The entries are to be written out word for word, with their images left out.

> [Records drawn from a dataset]
╔══

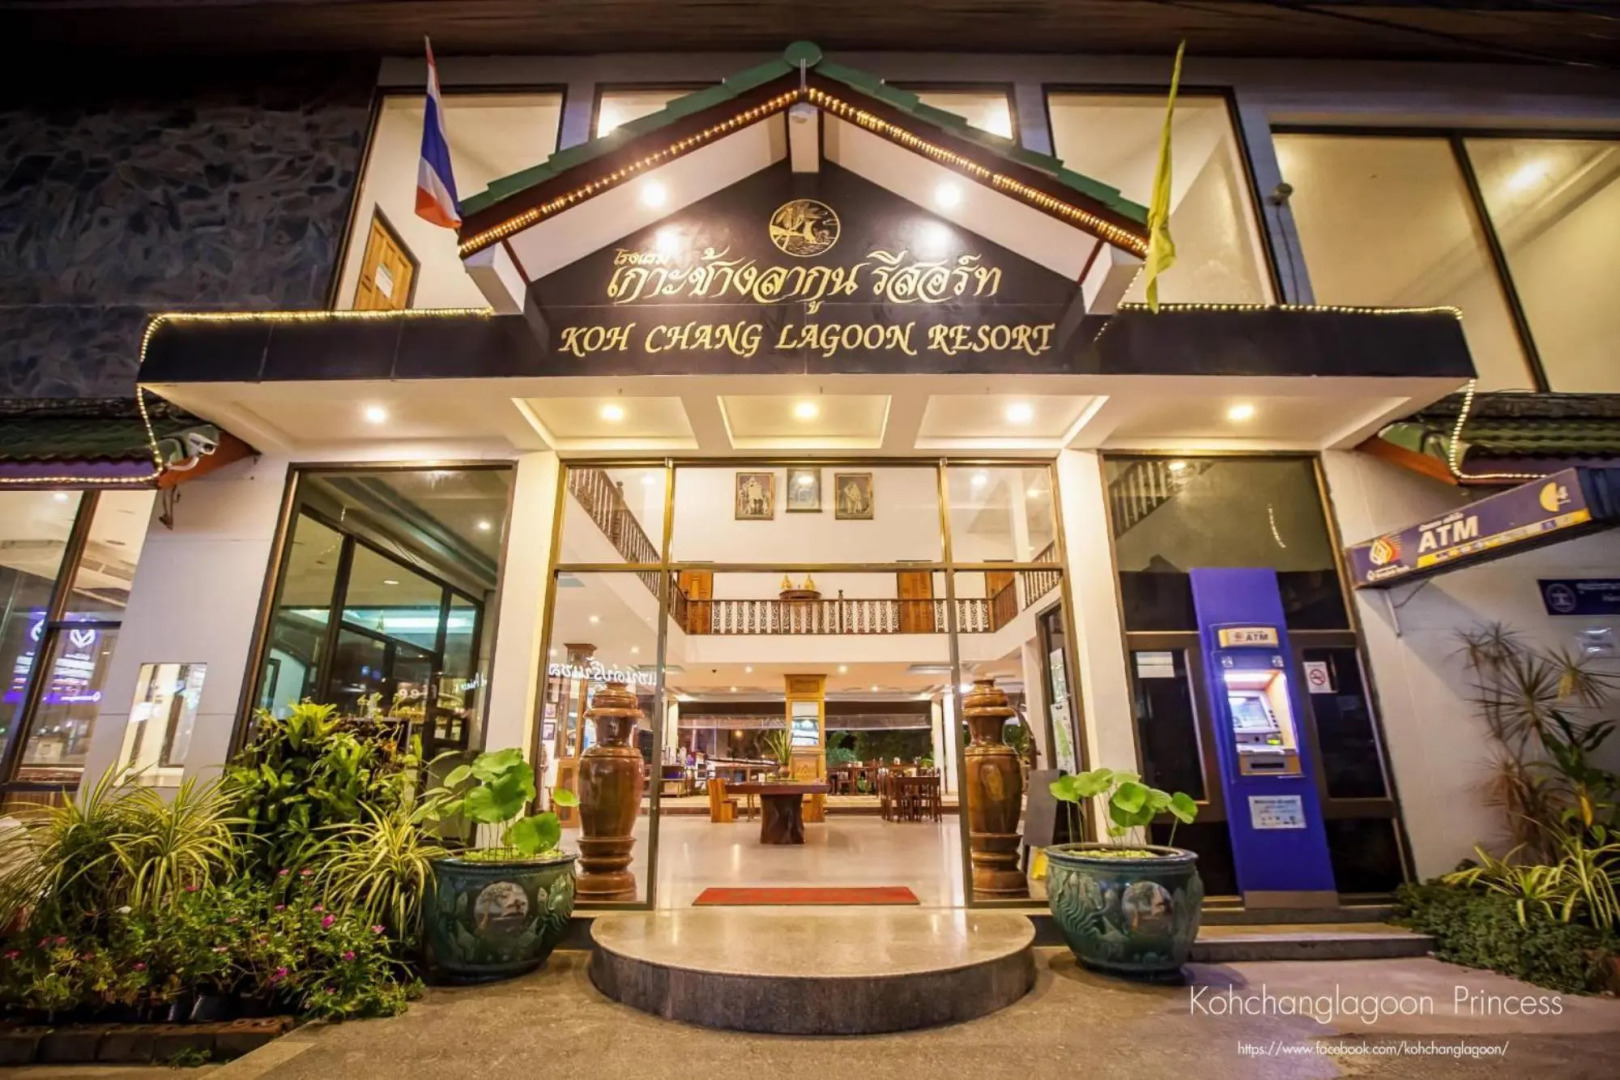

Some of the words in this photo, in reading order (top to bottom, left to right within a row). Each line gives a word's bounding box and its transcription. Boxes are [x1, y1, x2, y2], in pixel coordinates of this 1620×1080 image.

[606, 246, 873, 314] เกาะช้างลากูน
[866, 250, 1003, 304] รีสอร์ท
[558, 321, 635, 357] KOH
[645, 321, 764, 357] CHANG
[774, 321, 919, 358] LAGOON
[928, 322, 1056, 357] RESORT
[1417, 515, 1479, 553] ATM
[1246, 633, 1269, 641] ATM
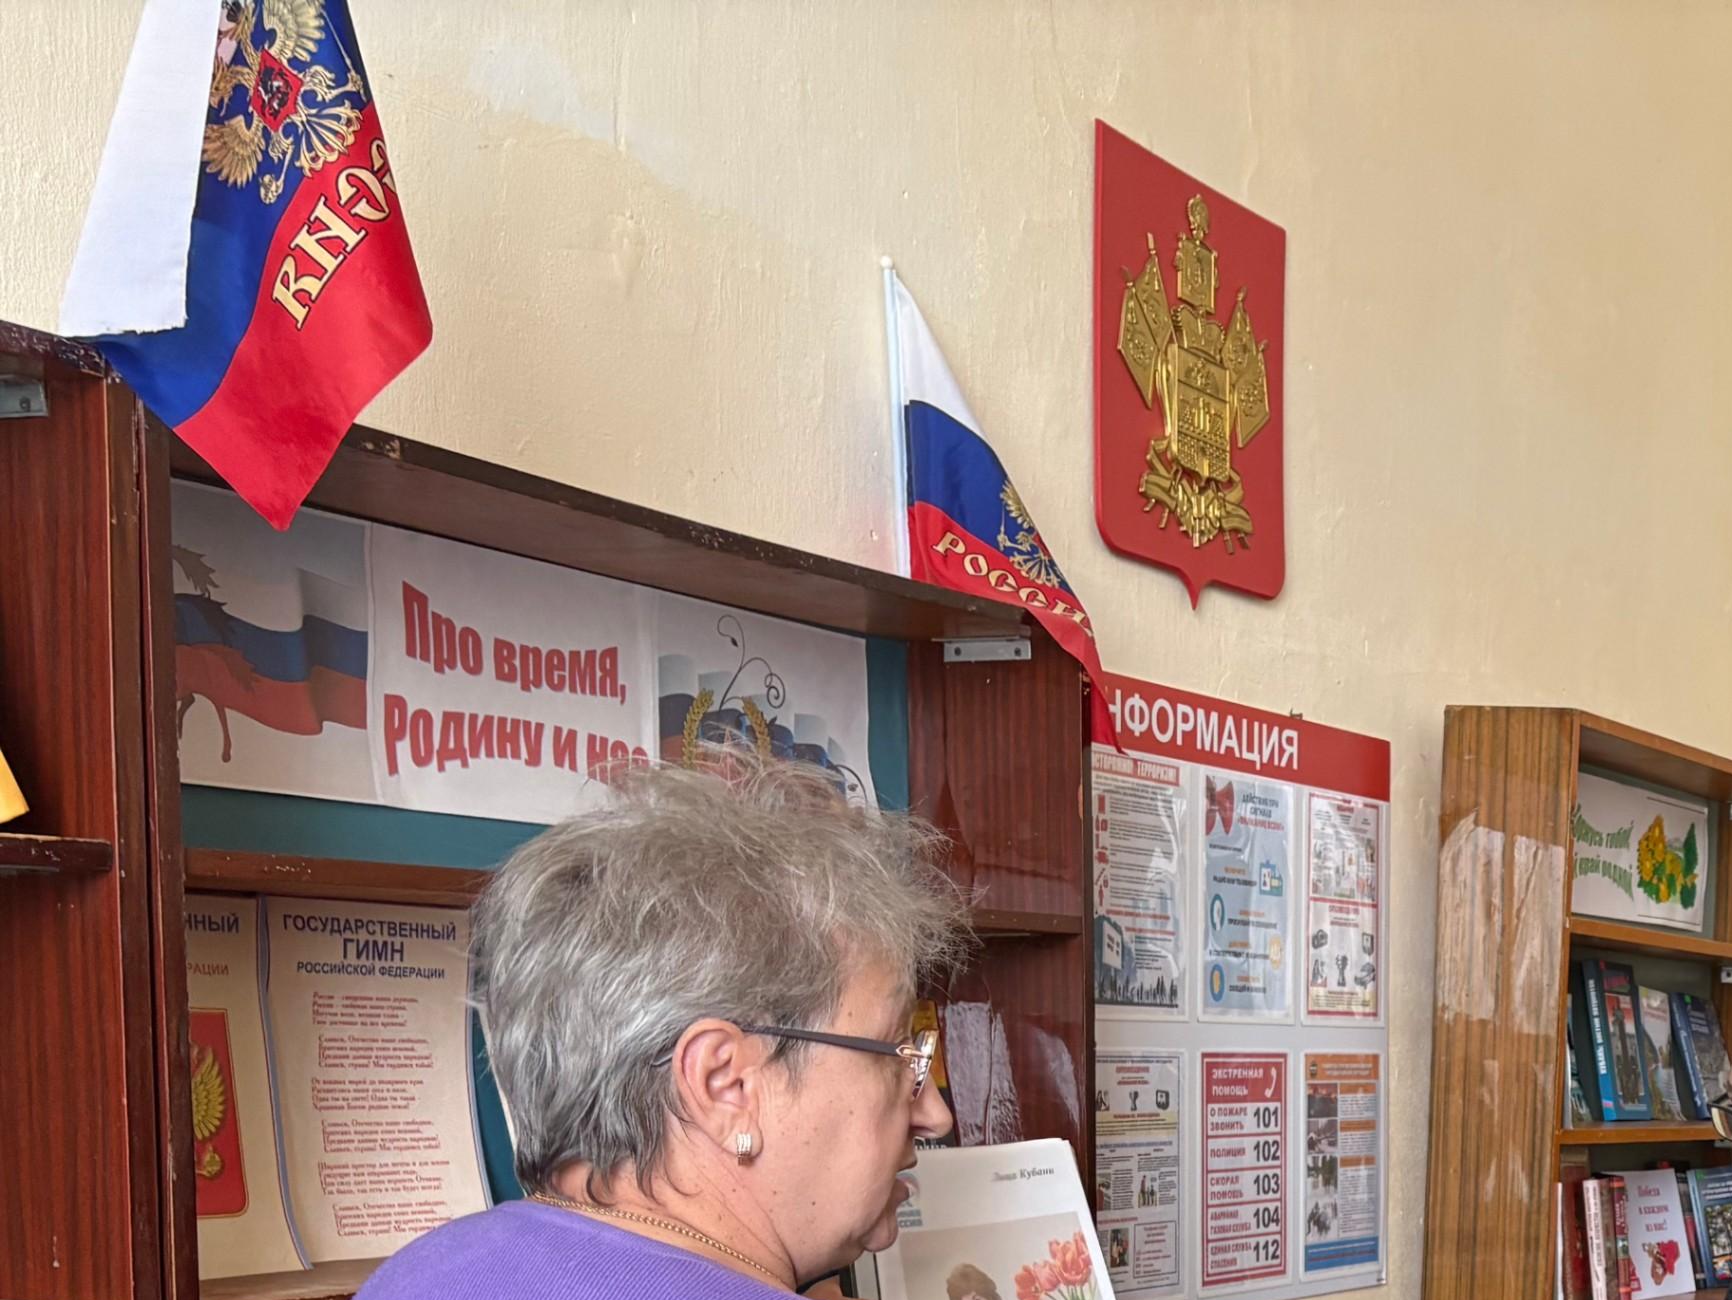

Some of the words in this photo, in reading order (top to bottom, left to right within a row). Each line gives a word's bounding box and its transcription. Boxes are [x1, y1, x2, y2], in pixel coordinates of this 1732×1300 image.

╚══

> [SOLVED PROBLEM]
Some of the words in this photo, in reading order (top to bottom, left to right within a row). Each line gives a word's bounding box and its transcription. Boxes are [x1, y1, x2, y2], in pixel coordinates of this 1620×1080 image.

[606, 246, 873, 314] เกาะช้างลากูน
[866, 250, 1003, 304] รีสอร์ท
[558, 321, 635, 357] KOH
[645, 321, 764, 357] CHANG
[774, 321, 919, 358] LAGOON
[928, 322, 1056, 357] RESORT
[1417, 515, 1479, 553] ATM
[1246, 633, 1269, 641] ATM

Some of the words in this photo, in reading order (top to bottom, left to right within a row). Each line gives a word's bounding box and its transcription. Boxes are [x1, y1, x2, y2], in pixel coordinates of this 1732×1300 image.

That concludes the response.